▶ _DATA PROVIDED_
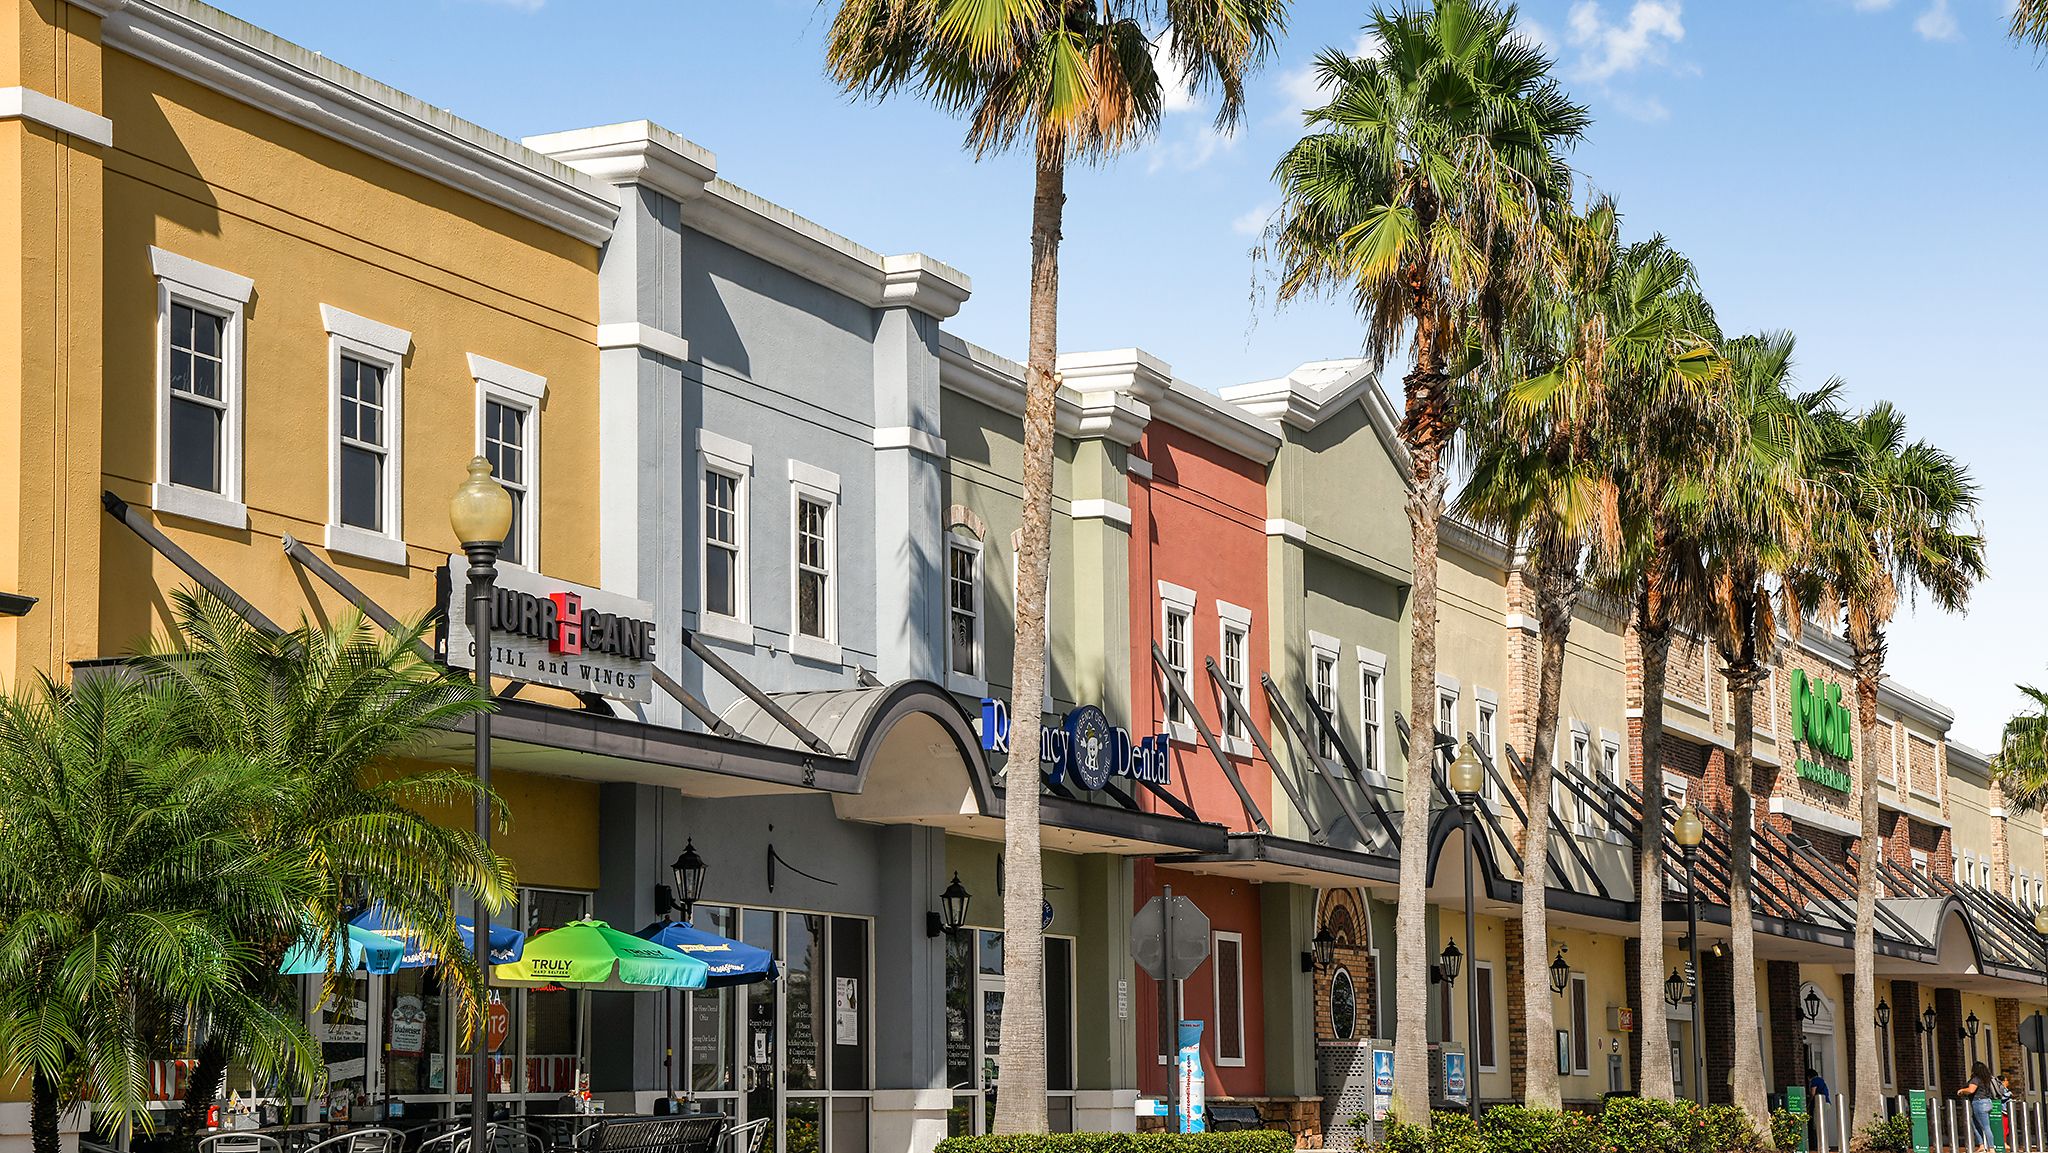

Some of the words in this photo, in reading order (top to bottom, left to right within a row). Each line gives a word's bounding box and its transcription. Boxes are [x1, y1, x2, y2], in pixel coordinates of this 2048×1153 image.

[468, 641, 527, 668] GILL
[538, 659, 569, 676] and
[580, 665, 637, 690] WINGS
[982, 698, 1070, 783] Rncy
[1114, 727, 1171, 785] Dental
[532, 959, 573, 970] TRULY

▶ _ACTION ITEM_
Without the pictures, give back the entries exactly.

▶ _FINAL ANSWER_
Some of the words in this photo, in reading order (top to bottom, left to right within a row). Each line gives a word's bounding box and its transcription. Boxes are [x1, y1, x2, y2], in pixel coordinates of this 2048×1153 image.

[468, 641, 527, 668] GILL
[538, 659, 569, 676] and
[580, 665, 637, 690] WINGS
[982, 698, 1070, 783] Rncy
[1114, 727, 1171, 785] Dental
[532, 959, 573, 970] TRULY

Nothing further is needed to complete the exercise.